In Scottish geography, a carse (the modern form of older Scots kerse; Scottish Gaelic càrrsa or còrrsa) is an area of fertile, low-lying (typically alluvial) land occupying certain Scottish river valleys, such as that of the River Forth. They reflect raised estuarine deposits lifted above sea level by post-glacial rebound

==Carse of Forth ==
The Carse of Forth contrasts with the Ochil Hills to the north, from which it is separated by the Ochil Fault. The carse is generally so flat that, except in the case of alluvial fans, such as that on which the small town of Alva is situated, it has only reached a height of about 9 metres above sea level at the Ochil Fault, typically two or more miles from the river.

In the case of the River Forth, the carse extends some considerable distance above and below Stirling, where due to constraints such as the Abbey Craig to the north and the castle rock, on which the town is based, to the south, it is very narrow.

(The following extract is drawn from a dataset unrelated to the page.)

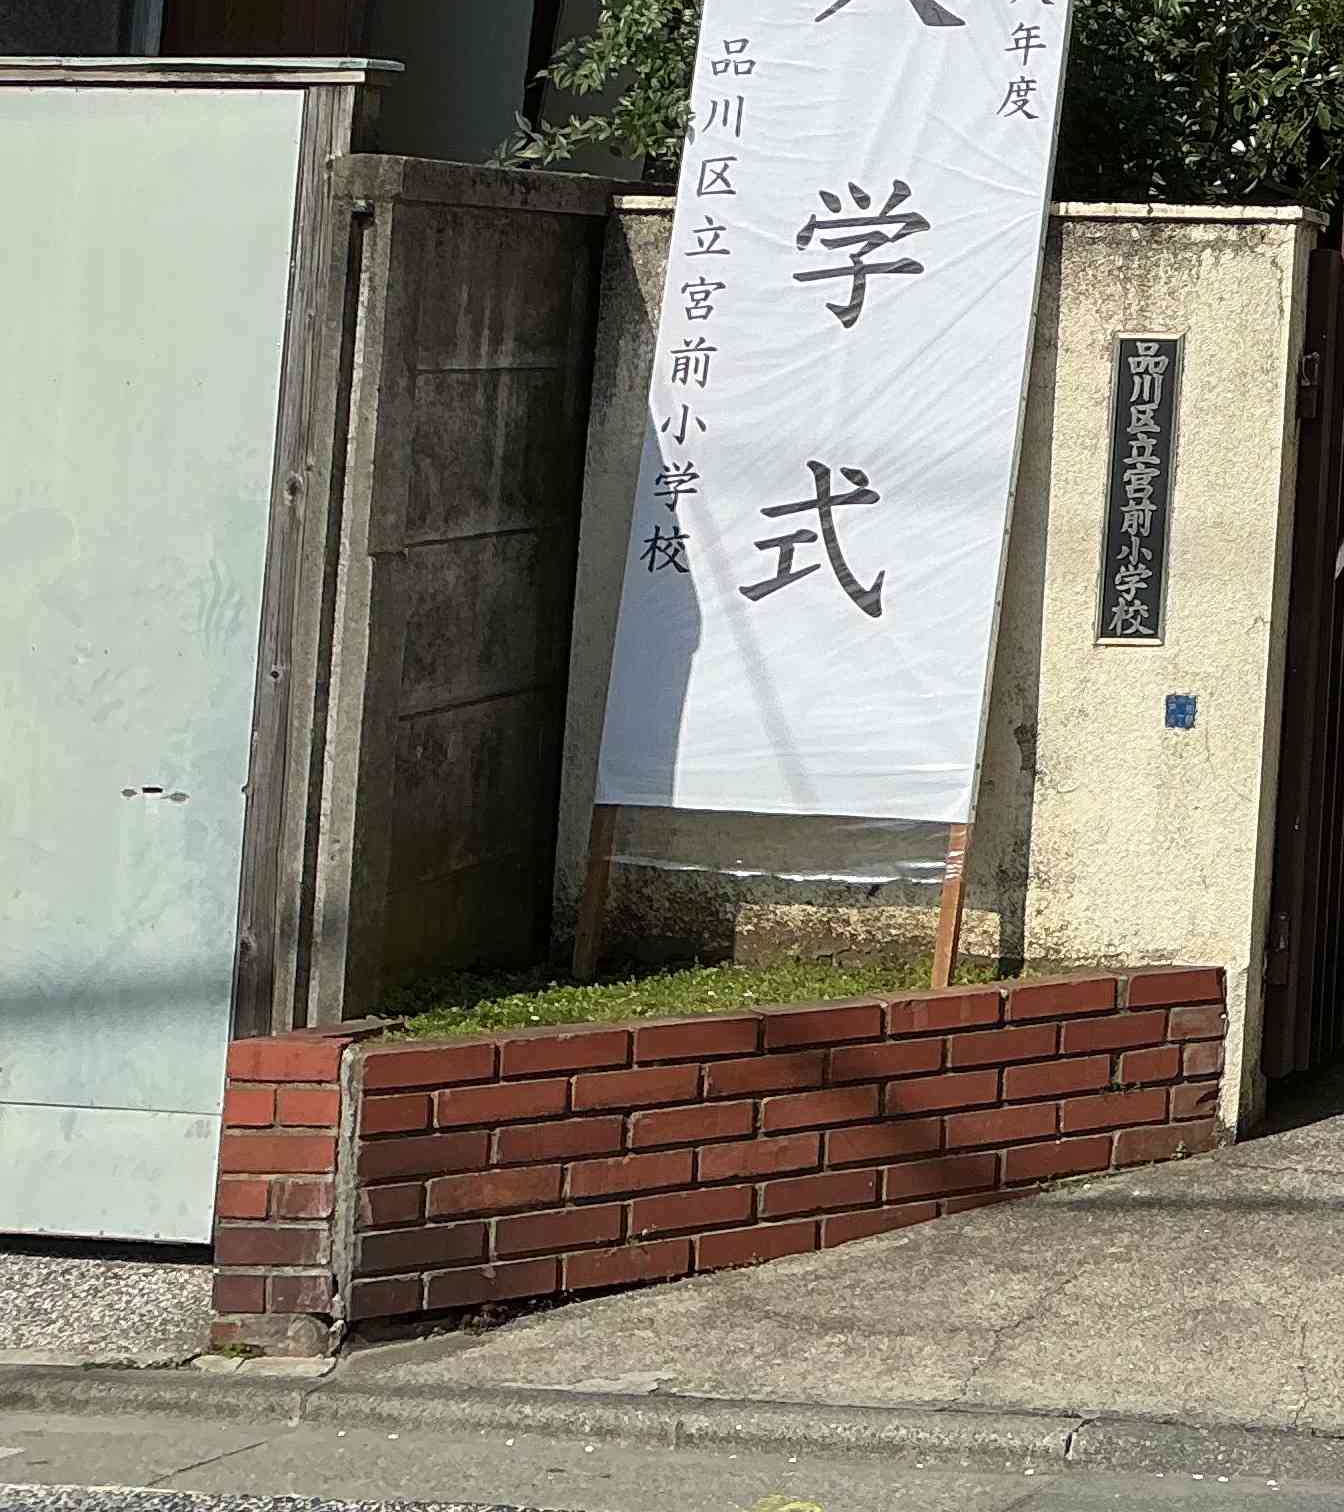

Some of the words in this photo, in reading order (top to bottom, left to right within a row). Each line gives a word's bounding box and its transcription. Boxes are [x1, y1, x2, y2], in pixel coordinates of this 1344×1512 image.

The carse typically offers good agricultural land, however underlying the topsoil and alluvium is glacial boulder clay. In other places, especially in the west, the carse was overlain by peat bogs such as Flanders Moss, much of which has been cleared to improve agriculture.

== Other carses ==
- Carse of Gowrie, Perthshire, near Blairgowrie
- Carse of Lecropt near Bridge of Allan, Stirling
- Carse of Stirling
- Carse of Ae
- Carse of Falkirk
- Carse of Blair Drummond, Stirling
- Friar's Carse, Dumfries and Galloway
- Carsphairn
- The Carse (Inverness)
- Kinneil Kerse (West Lothian)
- Carse of Raddery (Ross and Cromarty)
- Carse Knowe (West Lothian)
- Kerse (Ayrshire)
- East Kerse Mains (West Lothian)
- Carsethorn (Kirkcudbright), Dumfries and Galloway
- Carse Grey estate near Forfar, plus nearby Carseburn and Carsebank (Angus)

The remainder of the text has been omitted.